[Work order]: In the records below, take the line containing "this 2048×1536 image." and every line following it, and write them out exactly.

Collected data
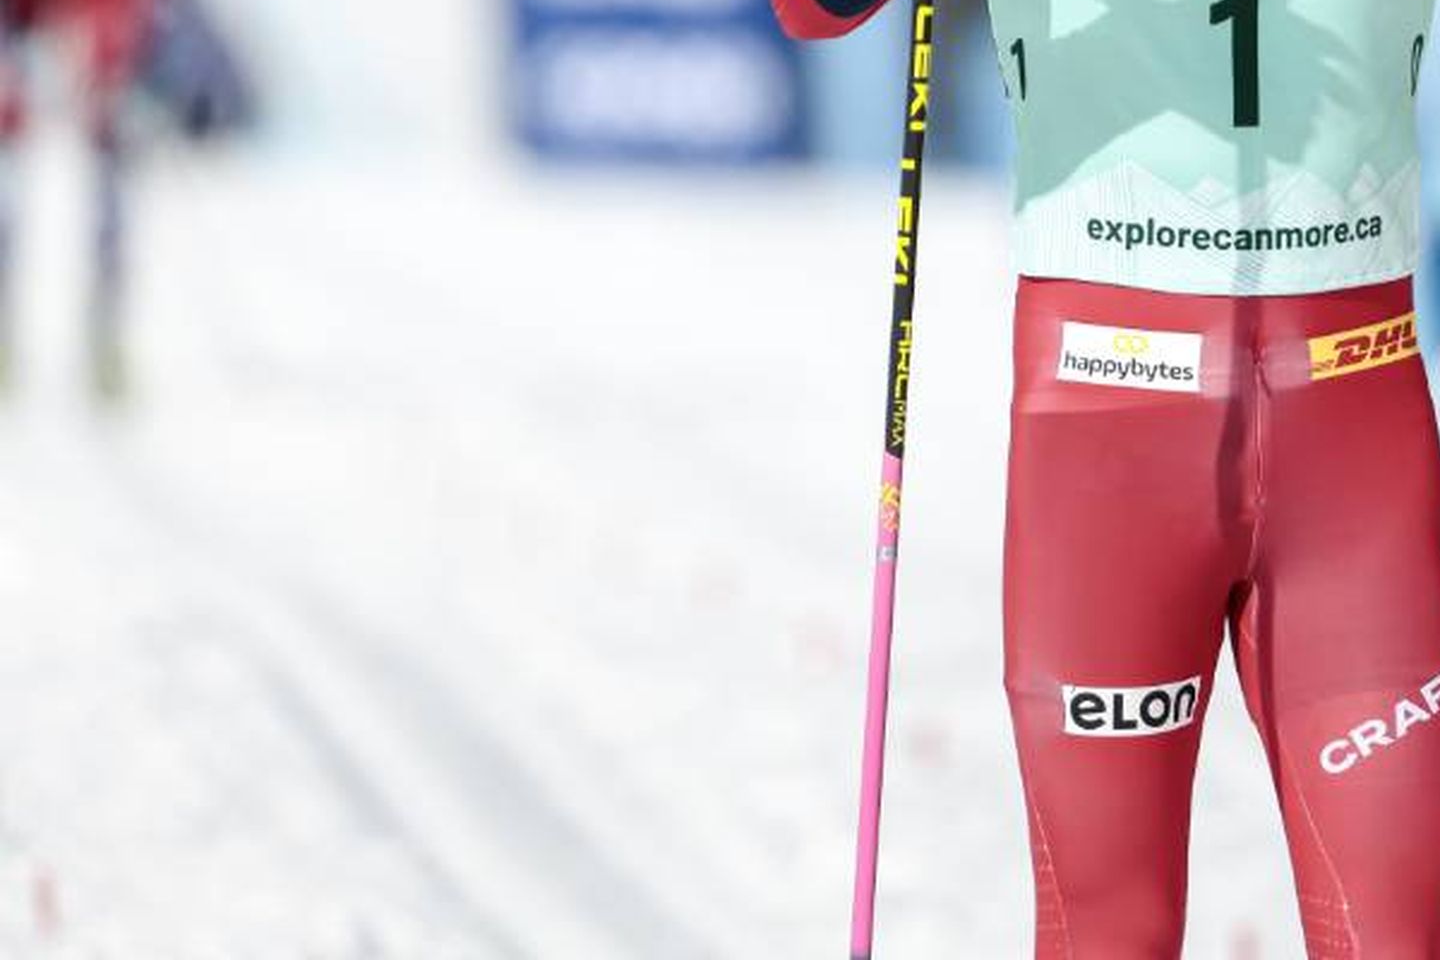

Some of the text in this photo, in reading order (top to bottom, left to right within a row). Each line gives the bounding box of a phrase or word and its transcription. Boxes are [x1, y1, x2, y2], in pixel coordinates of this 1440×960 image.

[909, 5, 935, 132] LEKI
[1010, 38, 1027, 101] 1
[1087, 214, 1382, 252] explorecanmore.ca
[1062, 350, 1194, 382] happybytes
[1335, 320, 1417, 368] DHL
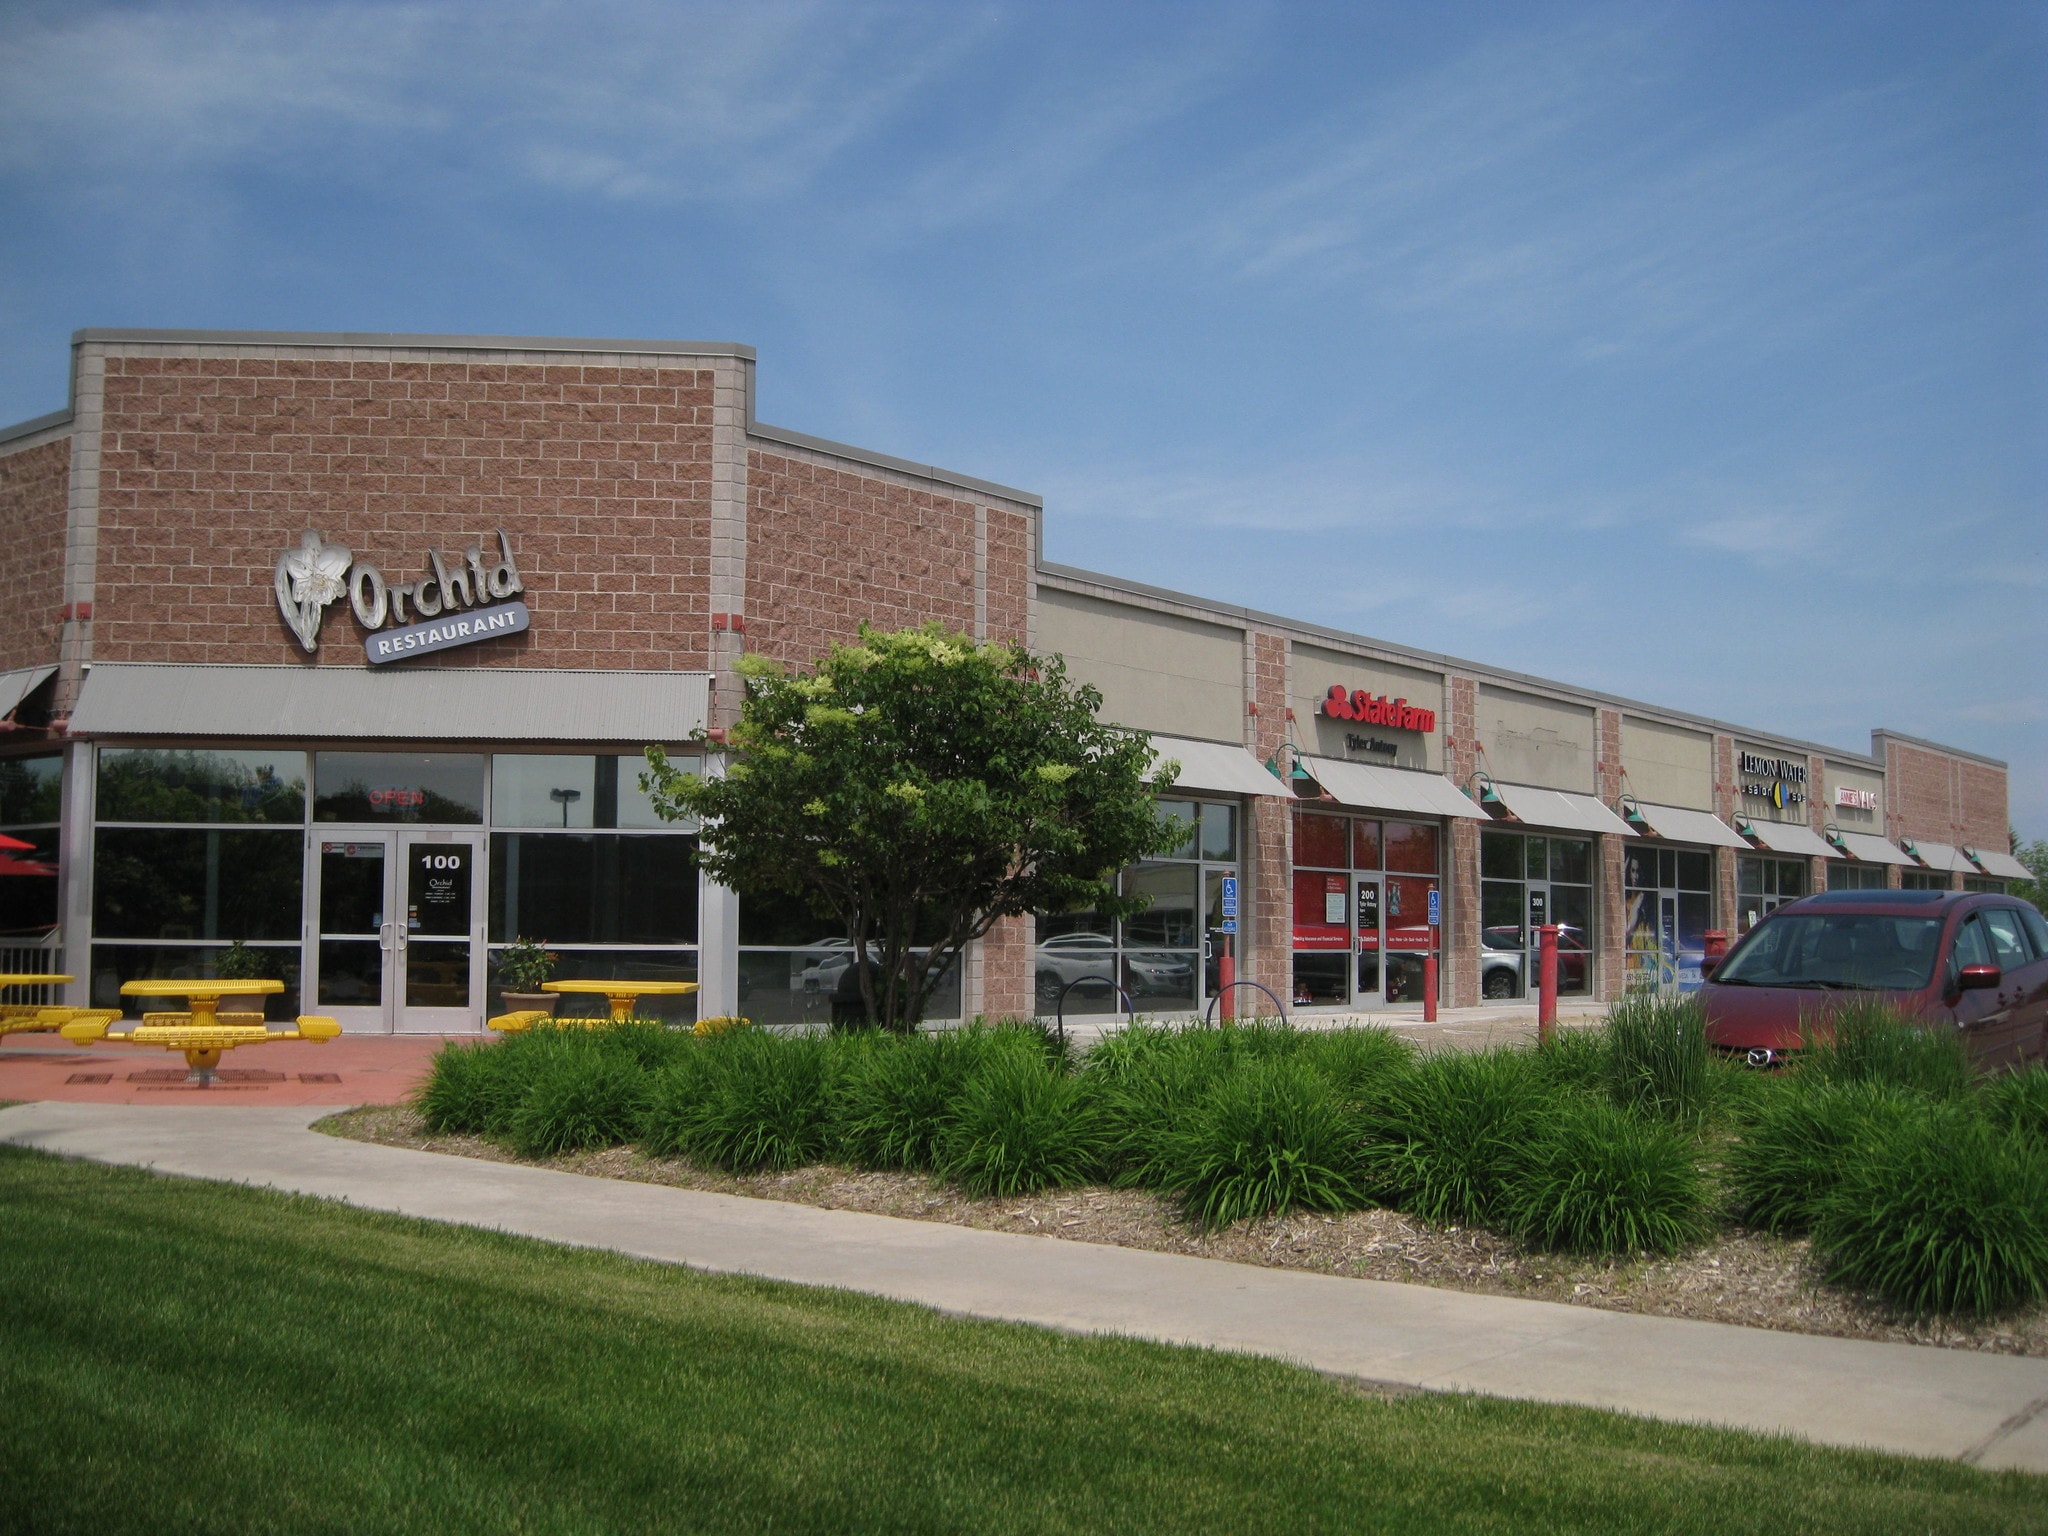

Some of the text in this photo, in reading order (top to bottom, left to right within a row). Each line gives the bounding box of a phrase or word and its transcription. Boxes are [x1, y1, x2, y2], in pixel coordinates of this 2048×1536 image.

[350, 527, 525, 629] Orchid
[377, 610, 517, 655] RESTAURANT
[1743, 751, 1808, 784] LEMON WATER
[1748, 784, 1772, 797] salon
[369, 790, 424, 806] OPEN
[421, 855, 460, 869] 100
[429, 878, 453, 887] Orchid
[1361, 890, 1375, 900] 200
[1532, 897, 1544, 907] 300

[Response area]:
Some of the text in this photo, in reading order (top to bottom, left to right within a row). Each line gives the bounding box of a phrase or word and its transcription. Boxes are [x1, y1, x2, y2], in pixel coordinates of this 2048×1536 image.

[350, 527, 525, 629] Orchid
[377, 610, 517, 655] RESTAURANT
[1743, 751, 1808, 784] LEMON WATER
[1748, 784, 1772, 797] salon
[369, 790, 424, 806] OPEN
[421, 855, 460, 869] 100
[429, 878, 453, 887] Orchid
[1361, 890, 1375, 900] 200
[1532, 897, 1544, 907] 300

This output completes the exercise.